Cinq coffrets de musique anglophone à écouter pour l’éternité

Les Beatles en 1965
Photo: Agence France-Presse Les Beatles en 1965

Oui, je sais, il y a le coffret de la période « chrétienne » de Bob Dylan (Trouble No More) et celui des 50 ans de l’album Their Satanic Majesties Request, des Stones, et même un accordéon qui contient tous les albums de Weird Al Yankovic (Squeeze Box), mais bon, je ne les ai pas eus en main. Voici ceux qui me sont parvenus, et qui ne ressortiront qu’avec moi les pieds devant.

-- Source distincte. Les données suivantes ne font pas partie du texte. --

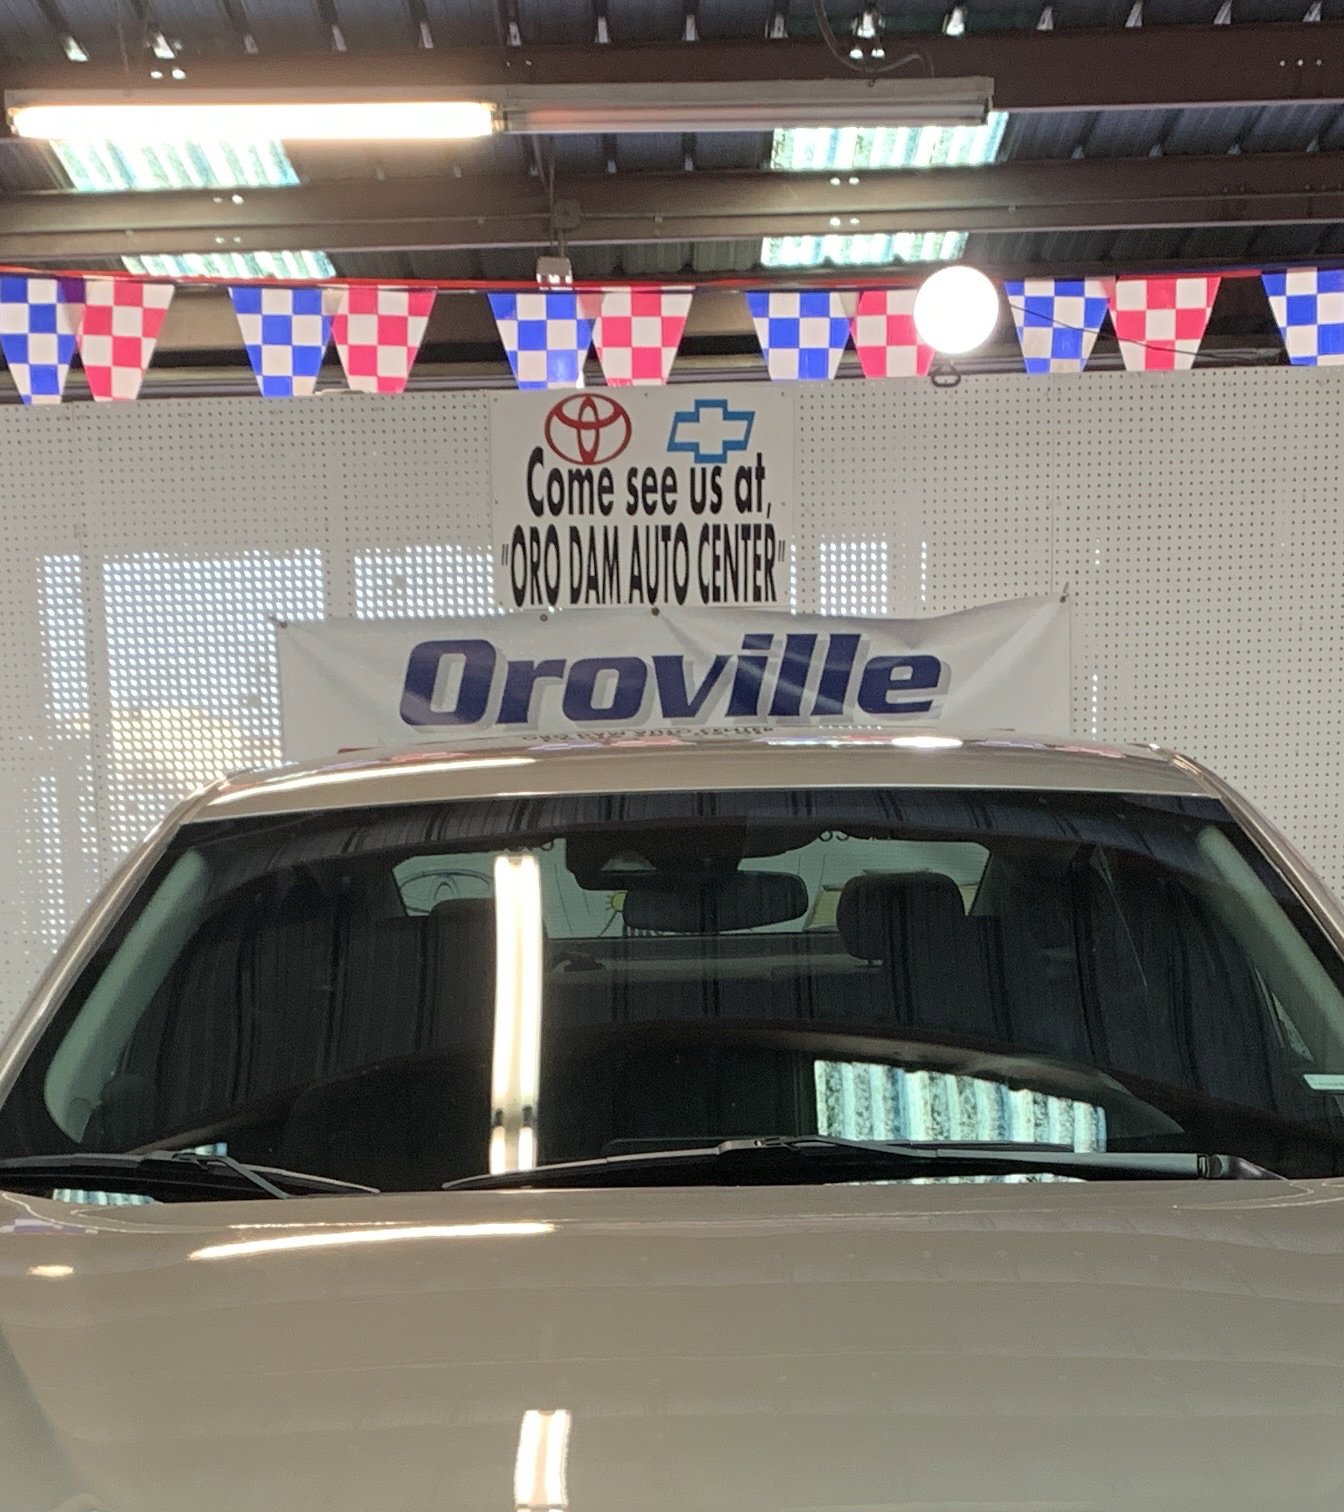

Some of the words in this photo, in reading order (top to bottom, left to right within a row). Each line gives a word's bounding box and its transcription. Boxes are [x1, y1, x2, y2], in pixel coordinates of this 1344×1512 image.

[526, 446, 615, 517] Come
[626, 466, 678, 516] see
[690, 465, 723, 515] us
[735, 452, 771, 520] at,
[502, 524, 561, 607] "ORO
[569, 525, 621, 604] DAM
[629, 522, 690, 606] AUTO
[698, 522, 785, 604] CENTER"
[399, 633, 944, 728] Oroville
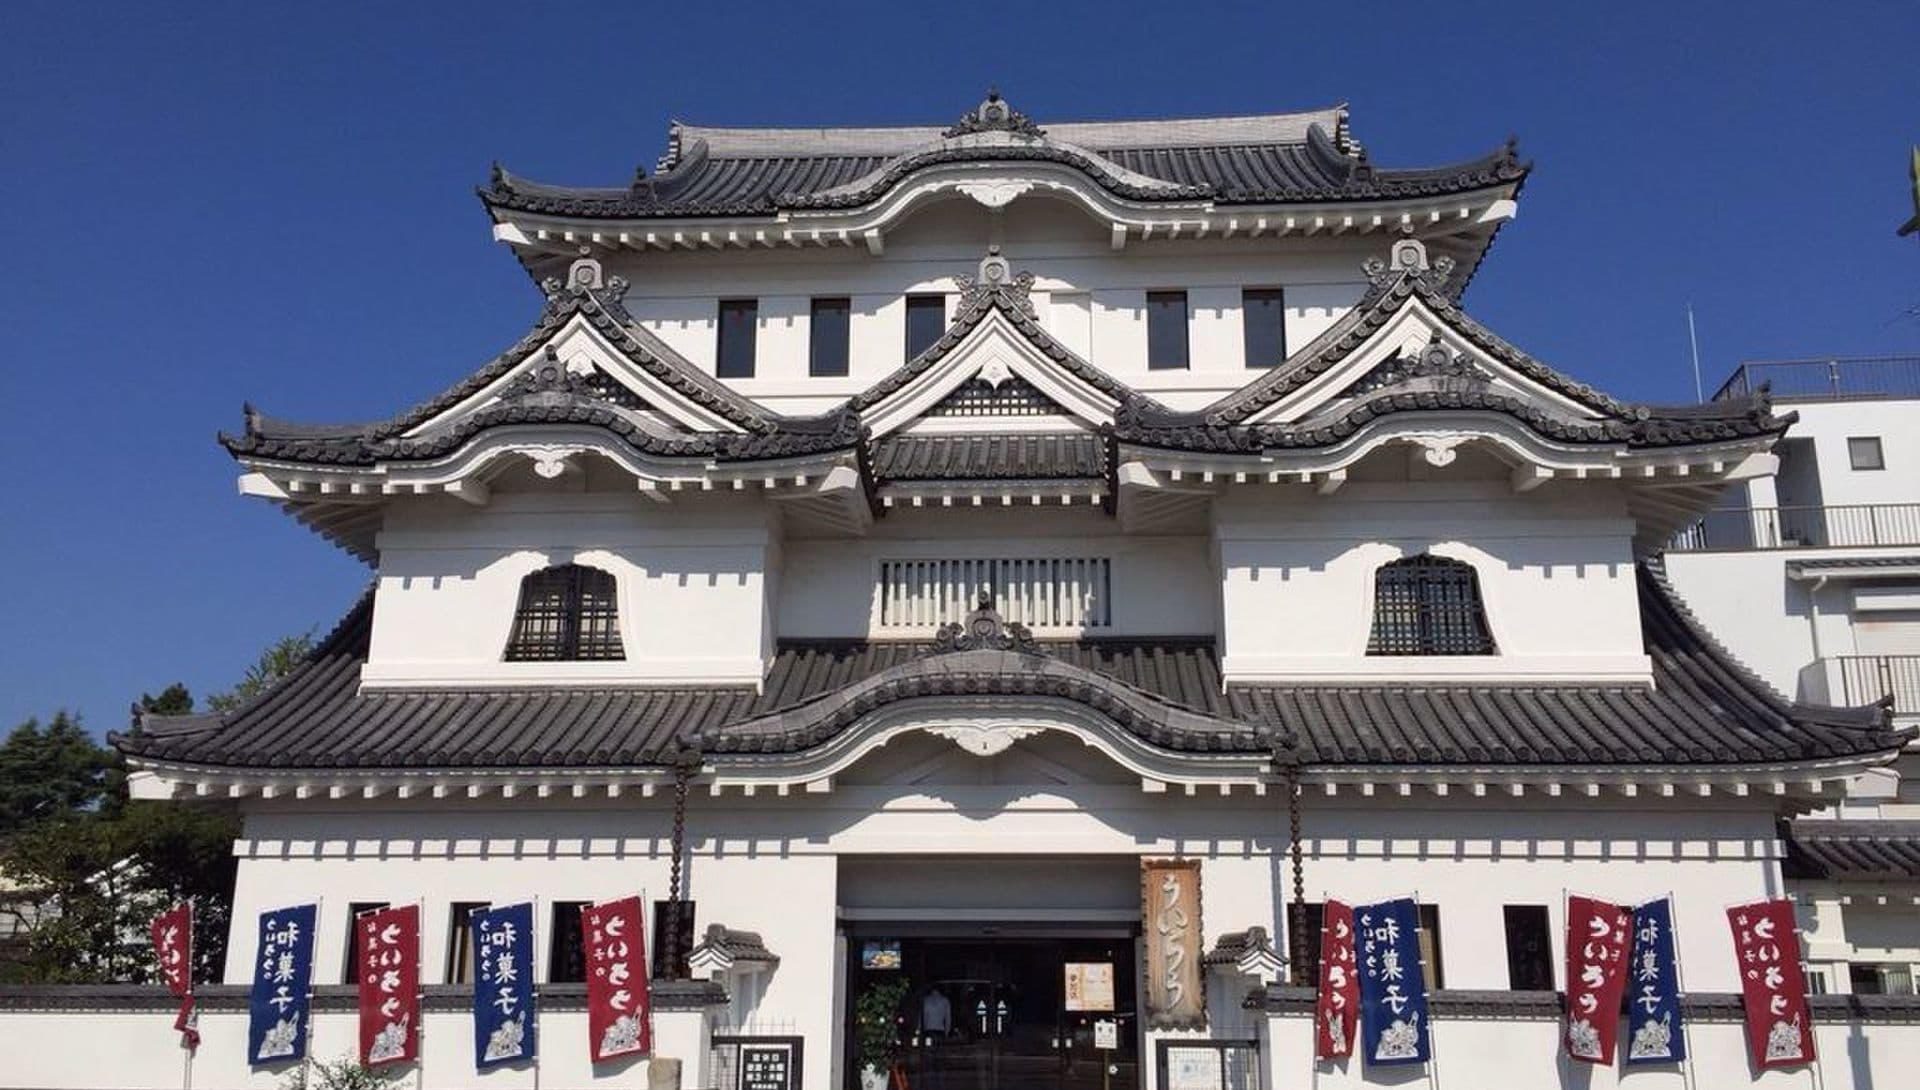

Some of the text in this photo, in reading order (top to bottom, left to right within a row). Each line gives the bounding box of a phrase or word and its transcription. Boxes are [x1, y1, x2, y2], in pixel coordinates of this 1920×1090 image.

[1157, 874, 1188, 1012] ういろう
[1328, 918, 1349, 1009] ういろう
[1579, 915, 1610, 1013] ういろう
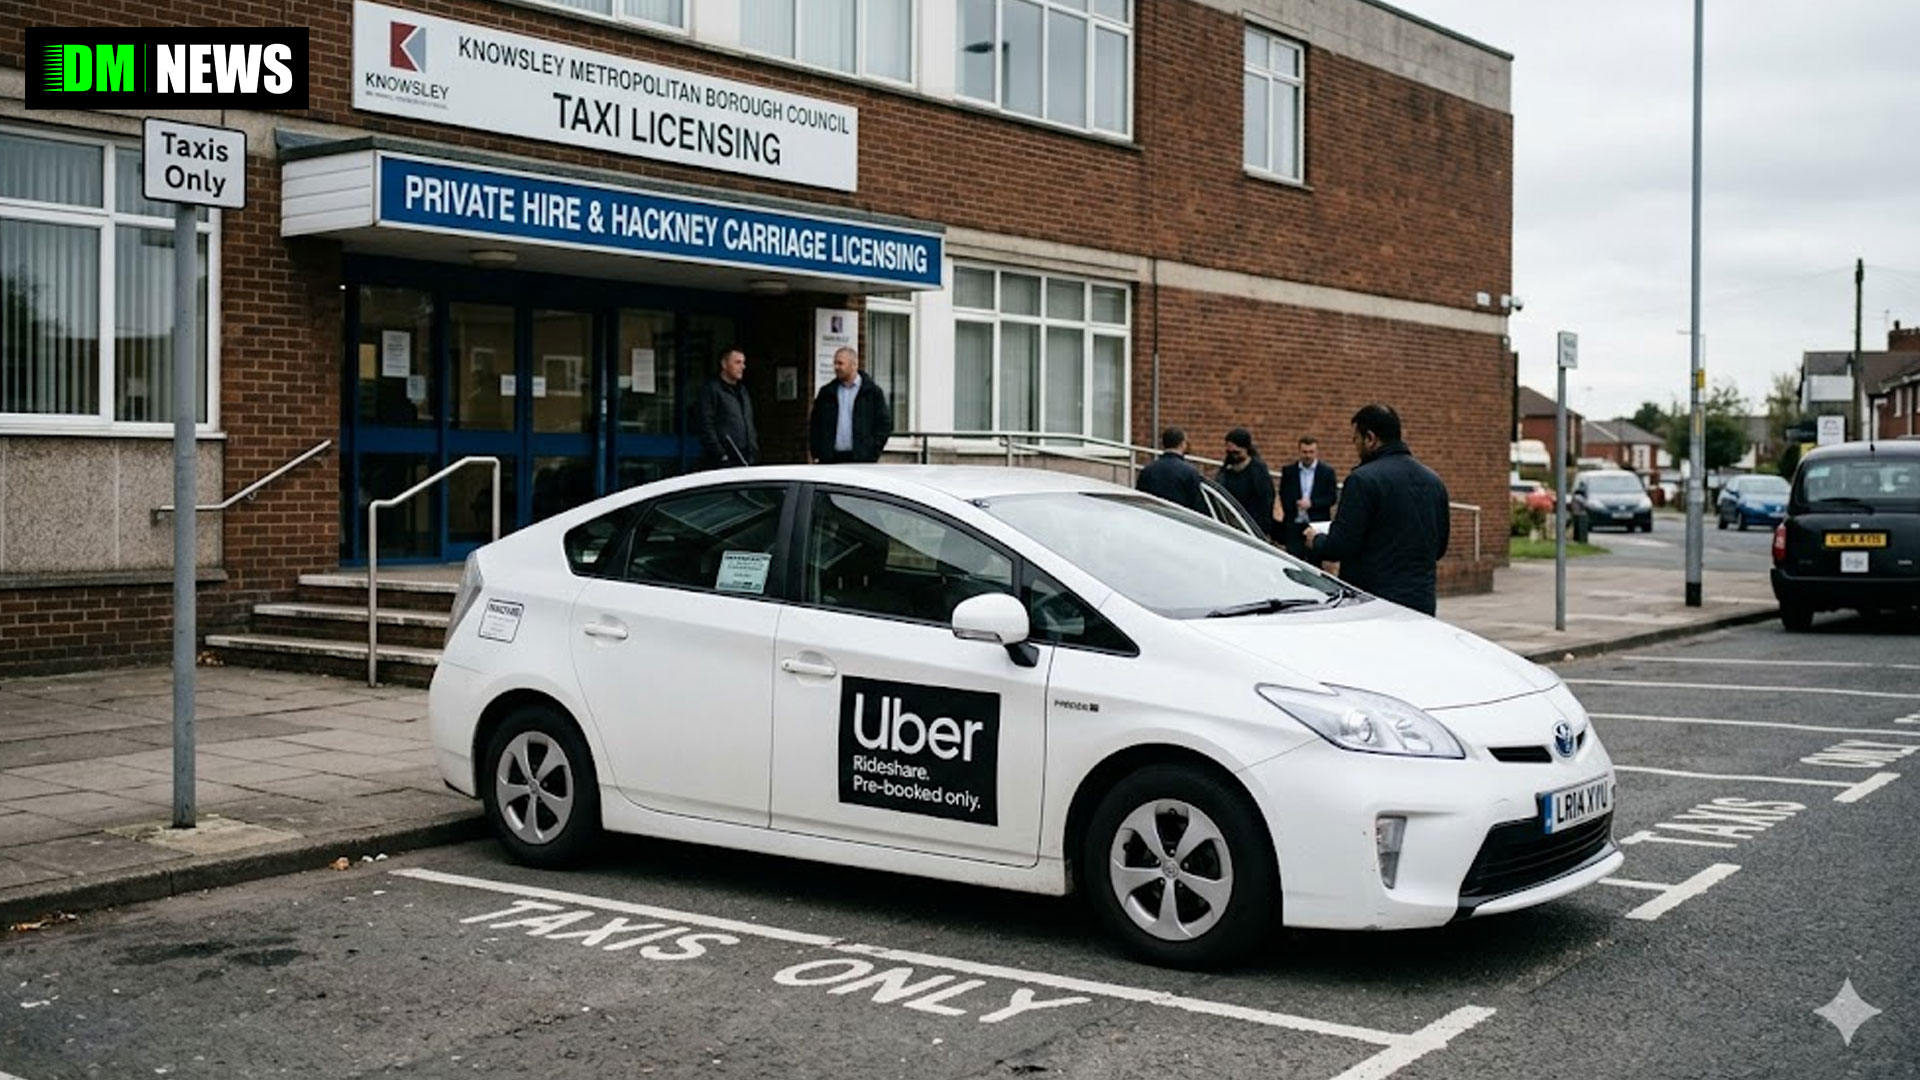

Sgt. Pepper’s Lonely Hearts Club Band, 50th Anniversary Super Deluxe Edition
The Beatles (Apple, Calderstone, Universal)
Un chef-d’oeuvre, magnifié. Giles Martin, le fils du regretté Sir George, a fait l’inimaginable : partir des pistes d’origine — empilées à l’époque, faute d’espace au mixage — et permettre au paysage sonore de s’épanouir, sans rien trahir. Redécouvrir ce que l’on connaît par coeur : sensation inouïe. La batterie, la basse, présentes comme jamais auparavant ! Ajoutez à cette félicité des disques remplis de pistes de travail (100 minutes jamais entendues !), le fascinant mixage mono de 1967, un Blu-Ray/DVD avec des clips et un documentaire, ainsi qu’un véritable livre. Giles l’a dit parfaitement dans Le Devoir : « Je pourrais aussi comparer notre travail — pardonnez le peu d’humilité — à la restauration de la chapelle Sixtine : sous les couches de vernis, les couleurs étaient extraordinaires. »

A Boy From Tupelo
Elvis Presley (Follow that dream)
Est-il besoin de vous raconter ce qui s’est passé, le soir du lundi 5 juillet 1954, dans le petit studio de Sam Phillips à Memphis ? L’irruption, l’éruption Elvis ? La fusion entre le gospel, le country’n’western, le rhythm’n’blues et le boogie ? Eh bien, ce coffret nous fait vivre ça, et nous donne tout, tout, tout ce qu’on a pu trouver de l’Elvis des débuts, entre 1953 et 1955 : pas moins de 85 titres, performances pour la radio, spectacles, prises supplémentaires, versions définitives. Exceptionnelle restauration, livre débordant de documents jamais vus, ce sont les Tables de la Loi que l’on achète ici.

Live At Pompeii
David Gilmour (Columbia Records)
Ça nous est arrivé en même temps que la tournée Us + Them de Roger Waters au Centre Bell : le coffret des fa-bu-leux concerts donnés par David Gilmour dans l’amphithéâtre antique de Pompéi, là où les quatre gars de Pink Floyd, pour une équipe française de télé et les statufiés de l’éternité, jouèrent en 1972 le meilleur de leur matériel le plus planant. Rogers a été formidable, mais rien ne bat ce décor, cette guitare, cette voix, cette ambiance hors du monde. Matériel solo, raretés du groupe, essentielles, tout transporte et soulève. Encore une fois, c’est la « Deluxe Edition » qu’il faut, avec les disques, le film de l’événement tournée en 4K, l’affiche, les livrets. L’expérience totale.

Archives
Neil Young

Ça ne s’achète pas en magasin, il n’y a pas de bébelles pour grossir le prix, mais c’est le plus gigantesque coffret au monde. Servi sur un plateau. Neil a rendu disponible sur un site exemplaire l’intégrale de ses archives sonores, en plus d’une quantité phénoménale de documents. De ses tout premiers groupes jusqu’à aujourd’hui, on a les démos, des tas de spectacles, et tous les enregistrements officiels en très, très haute définition. J’ai envie de vous dire : faites votre propre coffret. Et partez en auto, et perdez-vous.



Flowers in the Dirt
Paul McCartney (mpl, Capitol, Universal)
Il y a un livre de 112 pages pour raconter l’histoire, les manuscrits reproduits, un catalogue d’exposition des photos de Linda McCartney, un DVD farci d’archives et de clips, et il y a bien sûr l’album dans toute sa gloire. Mais l’essentiel, la vraie récompense, ce sont les deux disques de démos et pistes de travail enregistrés en 1988 par Paul avec Elvis Costello, au moment où c’était le projet d’un véritable disque en duo. Sous forme inachevée, c’est ce qu’on obtient enfin. Dommage que Paul ait reculé, jugeant trop « radicale » la possibilité d’un « McCartney-Costello Show », alors qu’il préparait son grand retour sur scène. Splendide consolation.